The movement initiated a national campaign against transgenic seeds, highlighting their risks for human health and the environment as well as the damage they could inflict on food security.
Several transnationals genetically sterilize the plants, forcing the farmer to ''buy new seeds every year at the price the company decides,'' affirmed Joao Pedro Stedile, MST leader.
Rio Grande do Sul's ''ecological farmers'' will take three claims to the forum, announced their spokesman, Pinheiro.
The first refers to discrimination against farmers in developing countries by pressures from the chemical industry. While the European Union adopted strict rules in 1991 for the application of farm chemicals, in Brazil some highly toxic pesticides were categorized as merely ''moderately dangerous".

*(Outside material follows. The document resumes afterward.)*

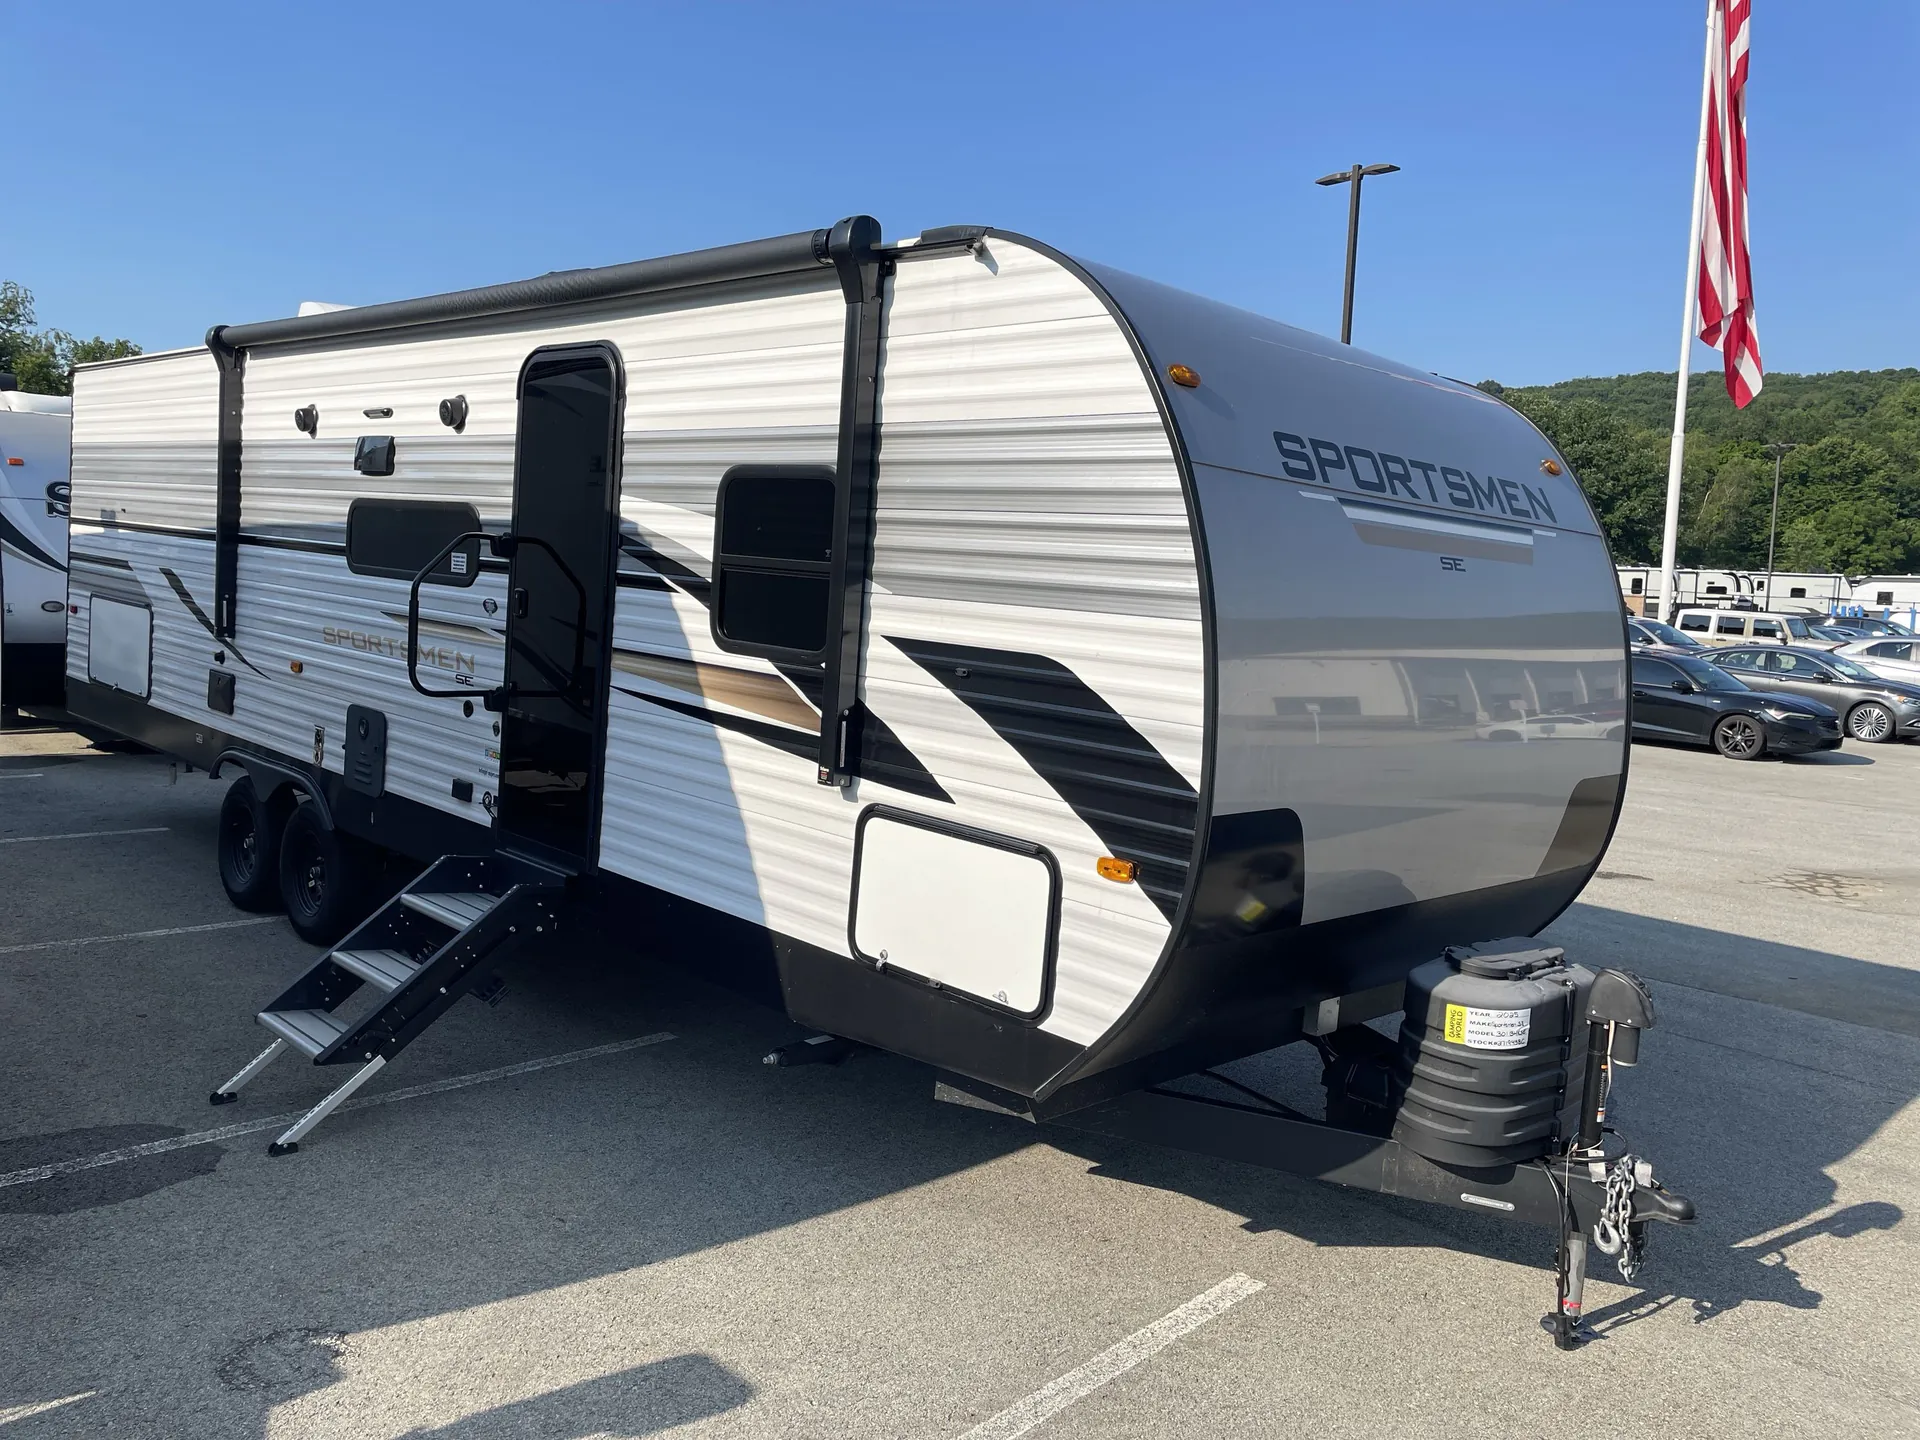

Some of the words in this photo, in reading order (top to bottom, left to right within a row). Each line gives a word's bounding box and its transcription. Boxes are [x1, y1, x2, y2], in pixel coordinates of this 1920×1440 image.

[1273, 431, 1557, 523] SPORTSMEN
[1440, 556, 1466, 572] SE
[322, 626, 475, 673] SPORTSMEN
[455, 674, 475, 687] SE
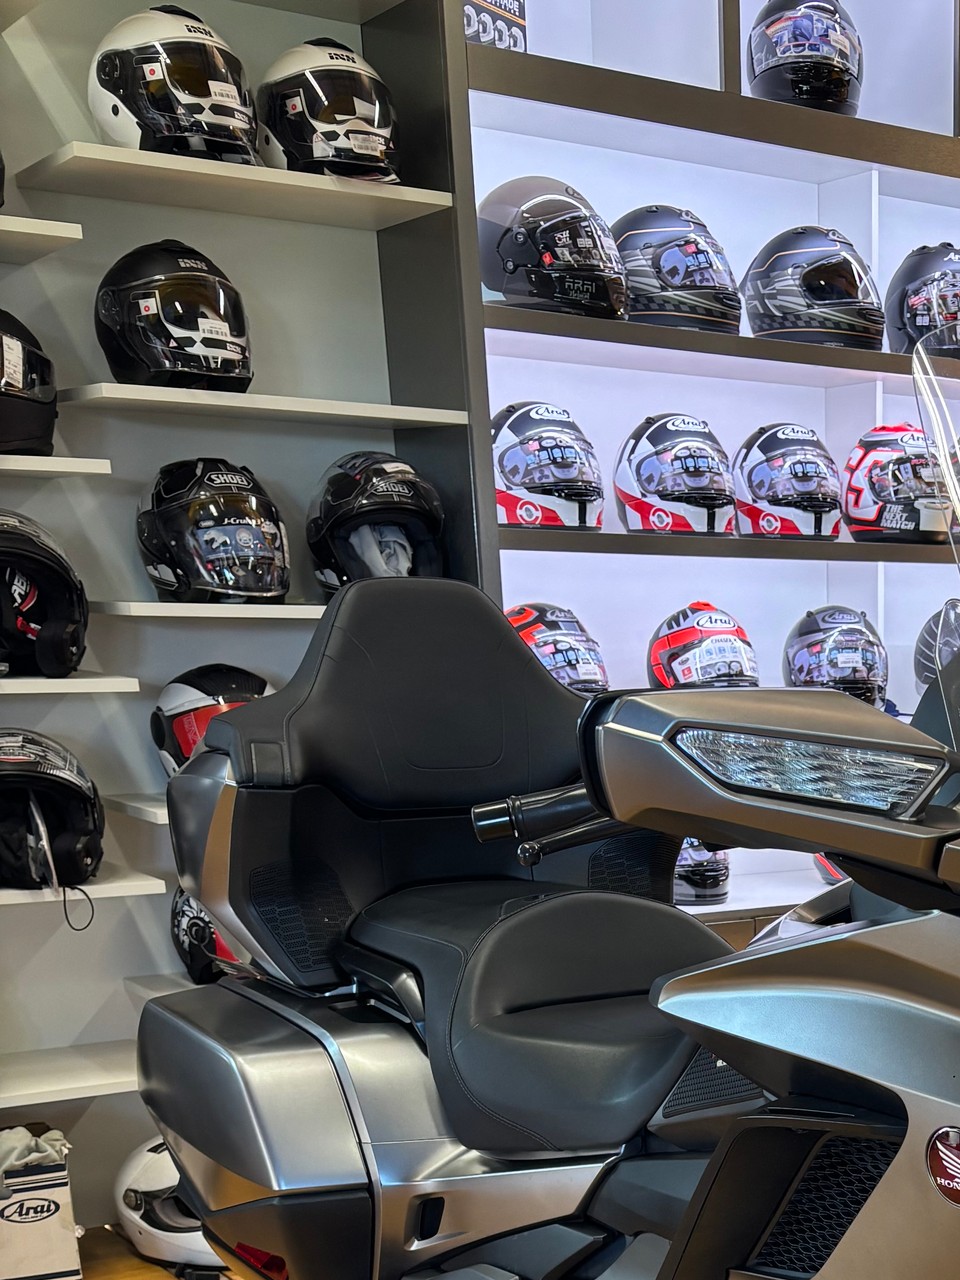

Transnationals export lower-quality products to the developing South. As a result, 95 percent of agro-chemical poisonings occur in these ''peripheral countries,'' affirmed Pinheiro.
The farmers will also make demands against the environmental certification of agricultural products, a service that requires technology and as a result is almost always provided by companies from wealthy nations.
This certification process adds costs that cut into the South's competitive ability on the world market and completely disregards the ethics of the individual farmer and the relation of trust with the consumer built over the years, a dynamic that by-passes intermediaries, Pinheiro said.
The third MST denunciation alludes to genetically modified organisms, charging that these products enslave farmers to the power of the corporate seed owners.
Leroy and his NGO, in association with groups from Chile and Uruguay, plan to hold a workshop in Porto Alegre about sustainability and democracy in the Southern Cone of South America. The organizers intent to expand the bases of Mercosur (Southern Common Market) and other integration projects in order to overcome the limiting frameworks of the market and of international trade.
It is essential, for example, to prevent ''an energy strategy that is based on industrial consumption,'' which puts the people's and the environment's needs in second place, Leroy stated.